- **Data provided**:

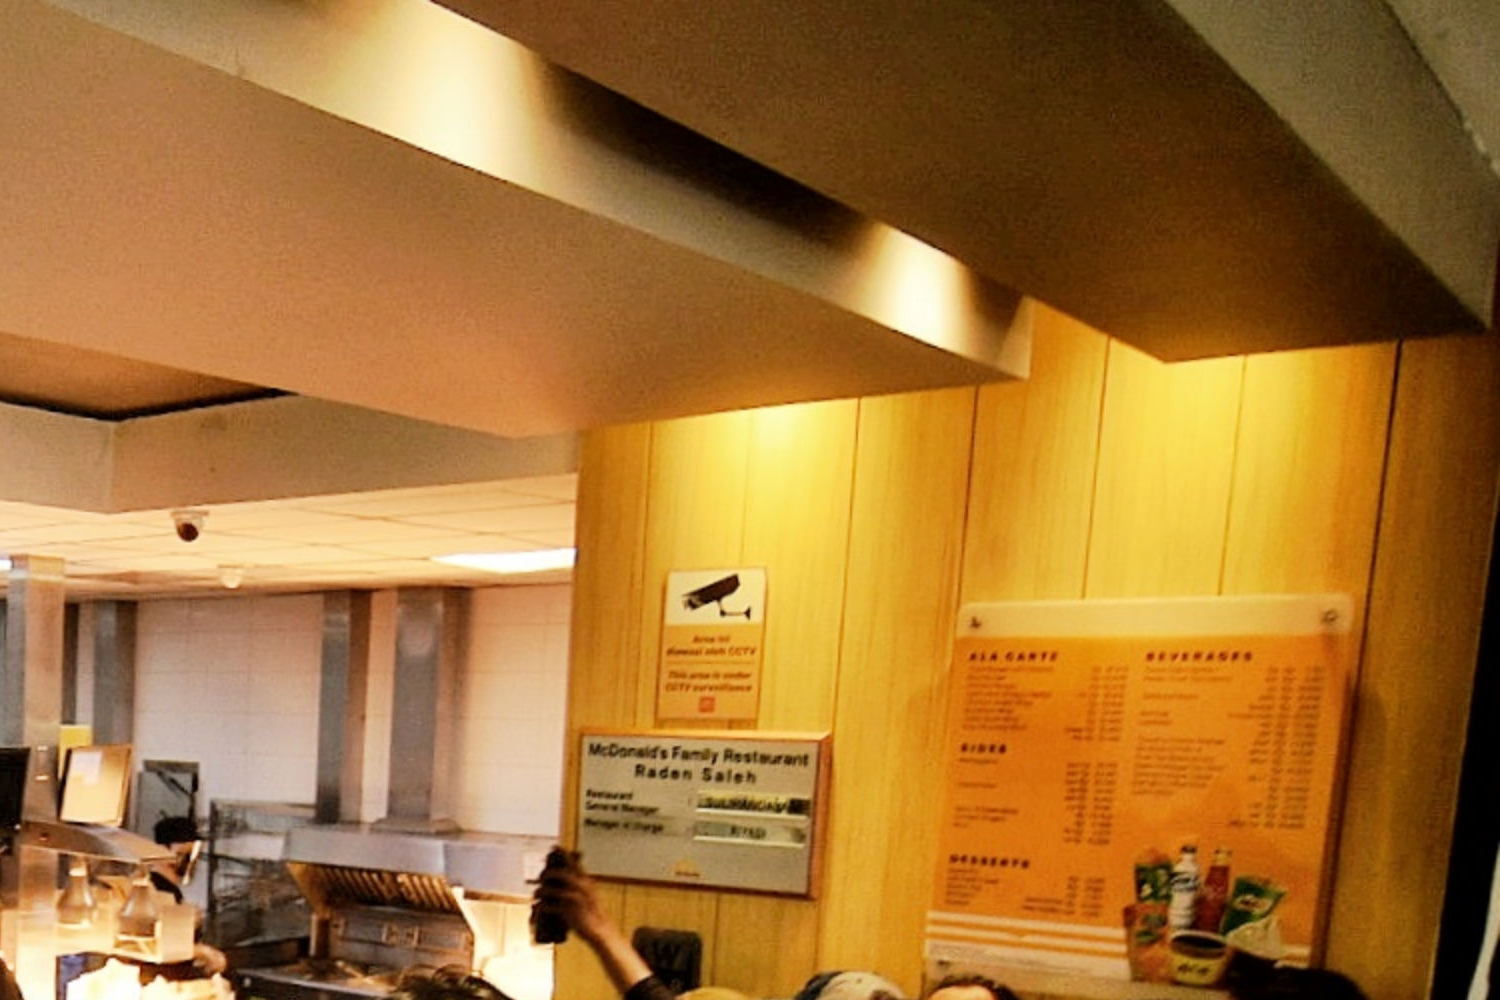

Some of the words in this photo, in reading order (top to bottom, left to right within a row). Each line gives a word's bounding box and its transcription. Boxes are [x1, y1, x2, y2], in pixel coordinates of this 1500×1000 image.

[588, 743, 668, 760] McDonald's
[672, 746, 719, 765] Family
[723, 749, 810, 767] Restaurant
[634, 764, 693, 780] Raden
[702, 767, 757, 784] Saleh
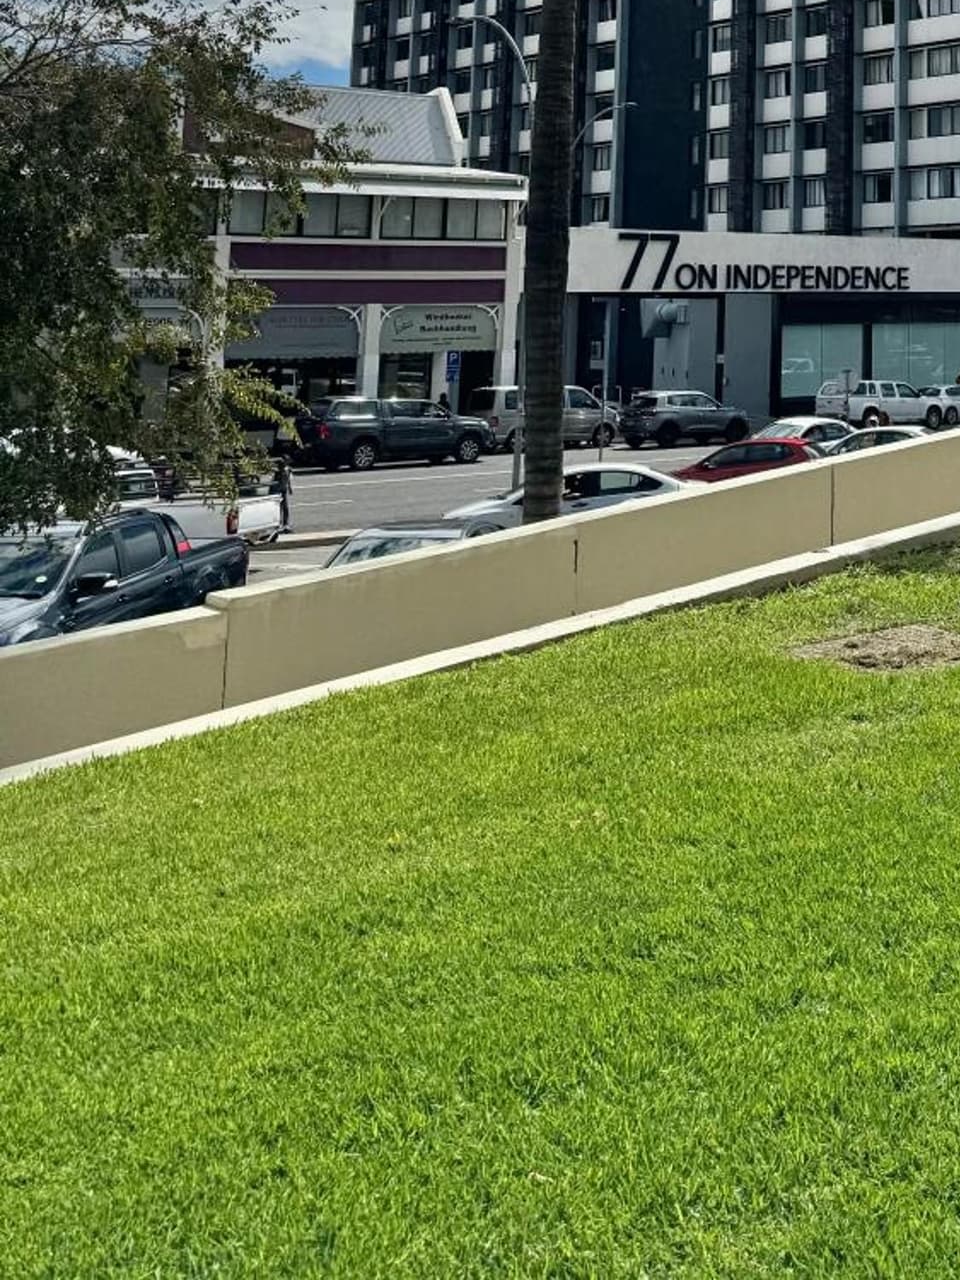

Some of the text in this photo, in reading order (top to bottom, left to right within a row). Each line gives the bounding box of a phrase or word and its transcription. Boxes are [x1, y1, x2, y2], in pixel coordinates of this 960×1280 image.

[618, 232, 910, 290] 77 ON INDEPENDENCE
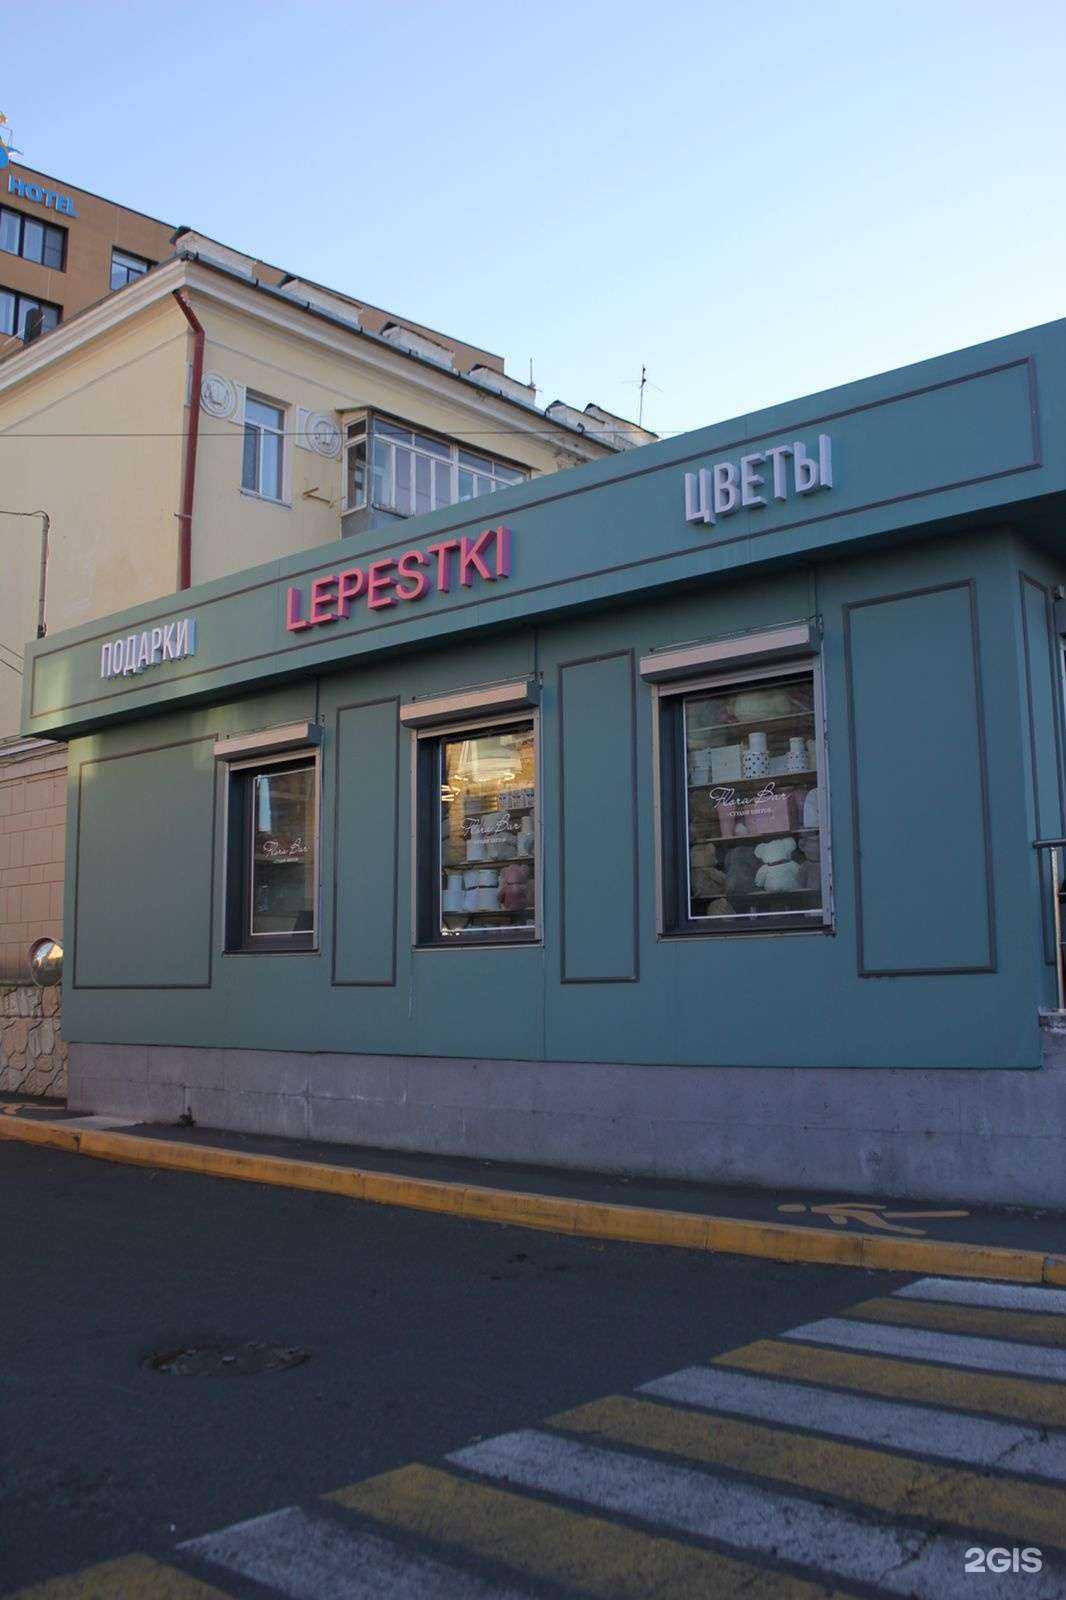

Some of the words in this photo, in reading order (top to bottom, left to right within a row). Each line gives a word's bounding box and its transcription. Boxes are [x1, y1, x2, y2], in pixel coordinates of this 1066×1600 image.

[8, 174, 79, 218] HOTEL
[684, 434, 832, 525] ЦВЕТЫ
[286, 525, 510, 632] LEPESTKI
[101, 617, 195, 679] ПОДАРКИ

- **Work order**: Your answer must be the line containing "this 1066×1600 image." through the last line above, copied exactly, with nothing added.

- **Exercise answer**:
Some of the words in this photo, in reading order (top to bottom, left to right within a row). Each line gives a word's bounding box and its transcription. Boxes are [x1, y1, x2, y2], in pixel coordinates of this 1066×1600 image.

[8, 174, 79, 218] HOTEL
[684, 434, 832, 525] ЦВЕТЫ
[286, 525, 510, 632] LEPESTKI
[101, 617, 195, 679] ПОДАРКИ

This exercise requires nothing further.